This project focuses on big data analysis and application for tourism websites, specifically for scraping, cleaning, storing, analyzing, and visualizing hotel data from travel sites (such as Ctrip). The goal is to extract meaningful insights from a vast amount of unstructured data, allowing users to make data-driven decisions when planning their travels. The system implements data collection using web scraping, cleaning, storage with HBase, data analysis with MapReduce, and data visualization with ECharts.
This project includes the following main features:
-
Data Scraping:
- Uses Jsoup to scrape hotel data from tourism websites (such as Ctrip), including city information, hotel names, prices, ratings, and more.
-
Data Cleaning:
- Cleans the scraped HTML data using Jsoup, removing irrelevant elements and structuring the data for further analysis.
-
Data Storage:
- Utilizes HBase to store structured hotel data in a distributed, column-based database, taking advantage of HBase's scalability and performance.
-
Data Analysis:
- Implements data analysis using Hadoop's MapReduce, including tasks like calculating the average hotel price by city and performing word frequency analysis on hotel reviews.
-
Data Visualization:
- Uses ECharts to create interactive visualizations such as hotel price distribution, average price comparison, and room type statistics.
- Jsoup: A Java library for HTML parsing and web scraping.
- HBase: A distributed, column-oriented NoSQL database for storing structured data.
- Hadoop: A framework for distributed storage and processing of large data sets, used for MapReduce jobs.
- ECharts: A JavaScript library for creating interactive and customizable data visualizations.
- Java: The primary programming language used to implement the solution.
- Java 8 or higher
- HBase 2.0 or higher
- Hadoop 3.x
- Maven (for dependency management)
- ECharts (for visualization)
Contributions to this project are welcome!

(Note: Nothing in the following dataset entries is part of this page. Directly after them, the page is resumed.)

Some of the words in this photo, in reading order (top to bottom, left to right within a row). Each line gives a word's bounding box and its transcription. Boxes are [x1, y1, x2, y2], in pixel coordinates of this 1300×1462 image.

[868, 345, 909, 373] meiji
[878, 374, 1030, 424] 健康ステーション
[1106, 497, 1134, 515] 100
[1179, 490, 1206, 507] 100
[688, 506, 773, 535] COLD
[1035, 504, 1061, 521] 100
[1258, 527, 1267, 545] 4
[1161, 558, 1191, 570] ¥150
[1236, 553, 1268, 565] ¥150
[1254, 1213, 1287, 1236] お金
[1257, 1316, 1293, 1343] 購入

If you have suggestions, bug fixes, or improvements, feel free to fork this repository and submit a pull request.
- Fork this repository.
- Create a new branch (
git checkout -b feature-xyz
). - Commit your changes (
git commit -am 'Add new feature'
). - Push to the branch (
git push origin feature-xyz
). - Create a new pull request.
This project is licensed under the MIT License - see the LICENSE file for details.
- Special thanks to the creators of ECharts and Jsoup.
- Hadoop and HBase communities for providing the necessary big data tools.
- The tourism website data source for providing rich datasets for analysis.
- Project Overview: Briefly explains the objective of the project.
- Features: Describes the key functionalities that the project implements.
- Technologies Used: Lists the technologies used in the project.
- Project Structure: Provides a hierarchical view of the project folder structure.
- Installation and Usage: Explains the setup process and how to run the different parts of the system.
- Example Output: Describes the expected output of the system, such as the visualizations.
- Contributing: Provides guidelines for contributing to the project.
- License: Mentions the project's open-source license.
- Acknowledgments: Credits to the libraries or tools used in the project.
This should provide a solid foundation for your GitHub README. Feel free to modify or expand on this template to better suit your project specifics!